◆ WHAT YOU WILL DO ◆
The answer is the line that contains "this 1600×1200 image." followed by every later line of the entries below, each repeated exactly, and nothing else.

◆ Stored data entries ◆
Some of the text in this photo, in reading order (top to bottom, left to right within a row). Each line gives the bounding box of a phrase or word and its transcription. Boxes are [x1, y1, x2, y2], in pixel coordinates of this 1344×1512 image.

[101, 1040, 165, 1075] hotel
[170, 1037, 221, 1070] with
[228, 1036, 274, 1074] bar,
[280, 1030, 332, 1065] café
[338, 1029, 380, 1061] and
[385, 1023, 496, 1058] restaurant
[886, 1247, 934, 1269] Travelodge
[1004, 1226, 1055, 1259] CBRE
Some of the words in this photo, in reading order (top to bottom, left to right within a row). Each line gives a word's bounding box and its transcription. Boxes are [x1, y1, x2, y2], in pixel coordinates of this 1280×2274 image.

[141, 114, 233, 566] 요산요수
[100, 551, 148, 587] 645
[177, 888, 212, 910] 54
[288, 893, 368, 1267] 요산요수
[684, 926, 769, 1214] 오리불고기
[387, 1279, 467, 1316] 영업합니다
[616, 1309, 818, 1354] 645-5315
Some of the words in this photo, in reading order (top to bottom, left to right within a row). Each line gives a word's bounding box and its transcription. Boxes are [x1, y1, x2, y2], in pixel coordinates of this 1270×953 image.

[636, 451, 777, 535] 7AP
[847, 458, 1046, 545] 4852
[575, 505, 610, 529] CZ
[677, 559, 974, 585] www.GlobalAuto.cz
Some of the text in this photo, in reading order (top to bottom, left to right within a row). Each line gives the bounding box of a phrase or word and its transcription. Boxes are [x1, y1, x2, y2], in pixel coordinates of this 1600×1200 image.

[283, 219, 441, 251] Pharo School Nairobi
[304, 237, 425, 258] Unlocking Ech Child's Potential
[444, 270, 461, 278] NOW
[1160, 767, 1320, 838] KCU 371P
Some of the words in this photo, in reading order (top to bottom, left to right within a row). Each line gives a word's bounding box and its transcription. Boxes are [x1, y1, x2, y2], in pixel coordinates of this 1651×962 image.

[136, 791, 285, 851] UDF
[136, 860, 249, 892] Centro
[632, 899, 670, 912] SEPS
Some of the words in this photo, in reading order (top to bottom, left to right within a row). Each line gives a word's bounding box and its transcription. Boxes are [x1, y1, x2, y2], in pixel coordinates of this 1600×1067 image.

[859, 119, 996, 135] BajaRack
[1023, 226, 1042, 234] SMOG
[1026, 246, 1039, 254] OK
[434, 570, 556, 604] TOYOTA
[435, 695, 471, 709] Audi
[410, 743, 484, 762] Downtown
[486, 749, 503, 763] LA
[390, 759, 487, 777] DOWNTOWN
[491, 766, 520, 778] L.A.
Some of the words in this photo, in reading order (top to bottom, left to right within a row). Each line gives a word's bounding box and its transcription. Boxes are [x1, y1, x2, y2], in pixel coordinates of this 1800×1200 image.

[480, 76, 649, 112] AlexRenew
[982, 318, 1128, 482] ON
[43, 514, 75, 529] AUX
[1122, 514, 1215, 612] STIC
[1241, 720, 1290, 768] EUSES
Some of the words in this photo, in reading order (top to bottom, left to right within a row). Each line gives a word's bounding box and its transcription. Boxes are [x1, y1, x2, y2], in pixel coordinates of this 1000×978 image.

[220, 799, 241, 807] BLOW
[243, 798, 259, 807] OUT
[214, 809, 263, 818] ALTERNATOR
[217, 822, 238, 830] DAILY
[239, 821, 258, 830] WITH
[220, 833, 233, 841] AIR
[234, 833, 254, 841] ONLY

◆ TASK ANSWER ◆
Some of the text in this photo, in reading order (top to bottom, left to right within a row). Each line gives the bounding box of a phrase or word and its transcription. Boxes are [x1, y1, x2, y2], in pixel coordinates of this 1600×1200 image.

[283, 219, 441, 251] Pharo School Nairobi
[304, 237, 425, 258] Unlocking Ech Child's Potential
[444, 270, 461, 278] NOW
[1160, 767, 1320, 838] KCU 371P
Some of the words in this photo, in reading order (top to bottom, left to right within a row). Each line gives a word's bounding box and its transcription. Boxes are [x1, y1, x2, y2], in pixel coordinates of this 1651×962 image.

[136, 791, 285, 851] UDF
[136, 860, 249, 892] Centro
[632, 899, 670, 912] SEPS
Some of the words in this photo, in reading order (top to bottom, left to right within a row). Each line gives a word's bounding box and its transcription. Boxes are [x1, y1, x2, y2], in pixel coordinates of this 1600×1067 image.

[859, 119, 996, 135] BajaRack
[1023, 226, 1042, 234] SMOG
[1026, 246, 1039, 254] OK
[434, 570, 556, 604] TOYOTA
[435, 695, 471, 709] Audi
[410, 743, 484, 762] Downtown
[486, 749, 503, 763] LA
[390, 759, 487, 777] DOWNTOWN
[491, 766, 520, 778] L.A.
Some of the words in this photo, in reading order (top to bottom, left to right within a row). Each line gives a word's bounding box and its transcription. Boxes are [x1, y1, x2, y2], in pixel coordinates of this 1800×1200 image.

[480, 76, 649, 112] AlexRenew
[982, 318, 1128, 482] ON
[43, 514, 75, 529] AUX
[1122, 514, 1215, 612] STIC
[1241, 720, 1290, 768] EUSES
Some of the words in this photo, in reading order (top to bottom, left to right within a row). Each line gives a word's bounding box and its transcription. Boxes are [x1, y1, x2, y2], in pixel coordinates of this 1000×978 image.

[220, 799, 241, 807] BLOW
[243, 798, 259, 807] OUT
[214, 809, 263, 818] ALTERNATOR
[217, 822, 238, 830] DAILY
[239, 821, 258, 830] WITH
[220, 833, 233, 841] AIR
[234, 833, 254, 841] ONLY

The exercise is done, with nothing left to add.